Researching & Developing a Market Neutral Strategy

The process involves the following steps:

  • Researching partner data.
  • Designing a pipeline.
  • Analyzing an alpha factor with Alphalens.
  • Implementing our factor in the IDE (see backtest in next comment).
  • Evaluating the backtest using Pyfolio.

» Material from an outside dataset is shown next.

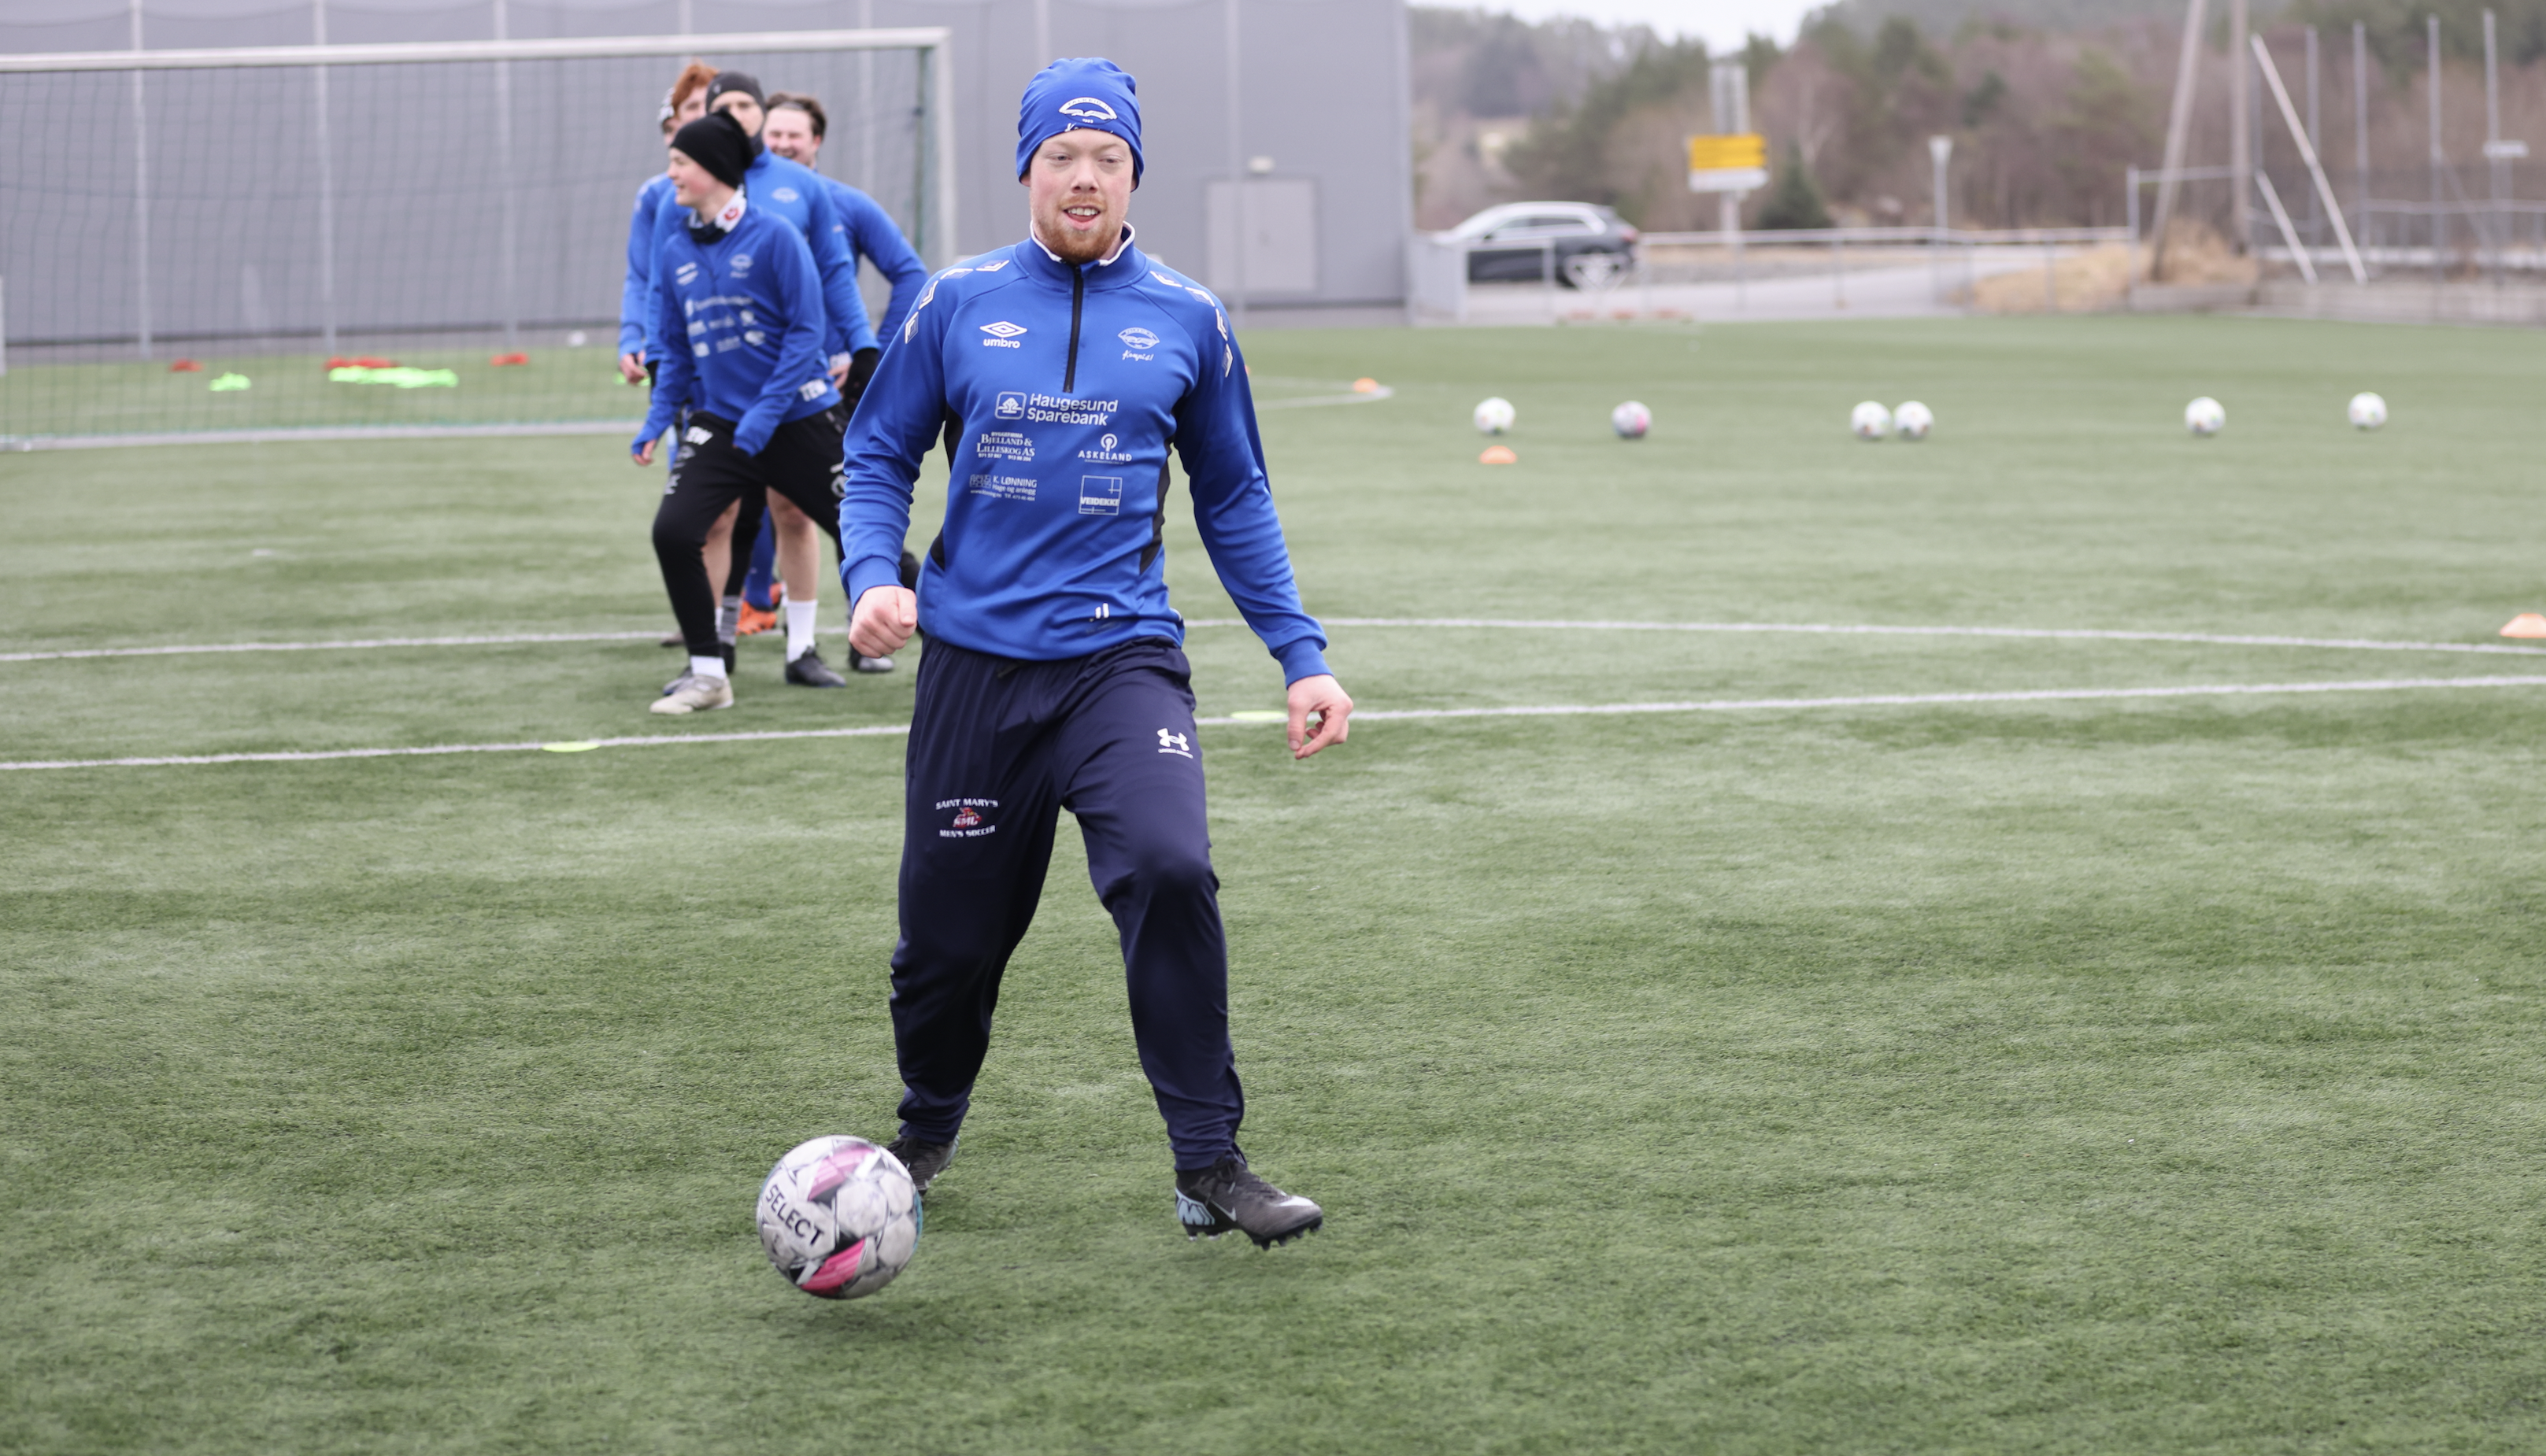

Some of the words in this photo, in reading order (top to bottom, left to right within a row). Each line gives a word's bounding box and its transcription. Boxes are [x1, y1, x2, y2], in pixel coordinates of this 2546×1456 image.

Part 1 - Investigate the Data with Blaze

To start out, let's investigate a partner dataset using Blaze. Blaze allows you to define expressions for selecting and transforming data without loading all of the data into memory. This makes it a nice tool for interacting with large amounts of data in research.

In [1]:
import matplotlib.pyplot as plt
import pandas as pd

# http://blaze.readthedocs.io/en/latest/index.html
import blaze as bz

from zipline.utils.tradingcalendar import get_trading_days

from quantopian.interactive.data.sentdex import sentiment

Interactive datasets are Blaze expressions. Blaze expressions have a similar API to pandas, with some differences.

In [2]:
type(sentiment)
Out[2]:
<class 'blaze.expr.expressions.Field'>

Let's start by looking at a sample of the data in the Sentdex Sentiment Analysis dataset for AAPL.

In [3]:
aapl_sid = symbols('AAPL').sid

# Look at a sample of AAPL sentiment data starting from 2013-12-01.
sentiment[(sentiment.sid == aapl_sid) & (sentiment.asof_date >= '2013-12-01')].peek()
Out[3]:
symbol sentiment_signal sid asof_date timestamp
0 AAPL 1.0 24 2013-12-01 2013-12-02
1 AAPL 6.0 24 2013-12-02 2013-12-03
2 AAPL 5.0 24 2013-12-03 2013-12-04
3 AAPL 6.0 24 2013-12-04 2013-12-05
4 AAPL 4.0 24 2013-12-05 2013-12-06
5 AAPL 2.0 24 2013-12-06 2013-12-07
6 AAPL -1.0 24 2013-12-07 2013-12-08
7 AAPL -1.0 24 2013-12-08 2013-12-09
8 AAPL -3.0 24 2013-12-09 2013-12-10
9 AAPL -1.0 24 2013-12-10 2013-12-11
10 AAPL 6.0 24 2013-12-11 2013-12-12

Let's see how many securities are covered by this dataset between 12/2013 and 12/2014.

In [4]:
num_sids = bz.compute(sentiment.sid.distinct().count())
print 'Number of sids in the data: %d' % num_sids
Number of sids in the data: 586

Let's go back to AAPL and let's look at the sentiment signal each day. To do this, we can create a Blaze expression that selects trading days and another for the AAPL sid (24).

In [5]:
# Mask for trading days.
date_mask = sentiment.asof_date.isin(
    get_trading_days(pd.Timestamp('2013-12-01'), pd.Timestamp('2014-12-01'))
)

# Mask for AAPL.
stock_mask = (sentiment.sid == aapl_sid)

# Blaze expression for AAPL sentiment on trading days between 12/2013 and 12/2014
sentiment_2014_expr = sentiment[date_mask & stock_mask].sort('asof_date')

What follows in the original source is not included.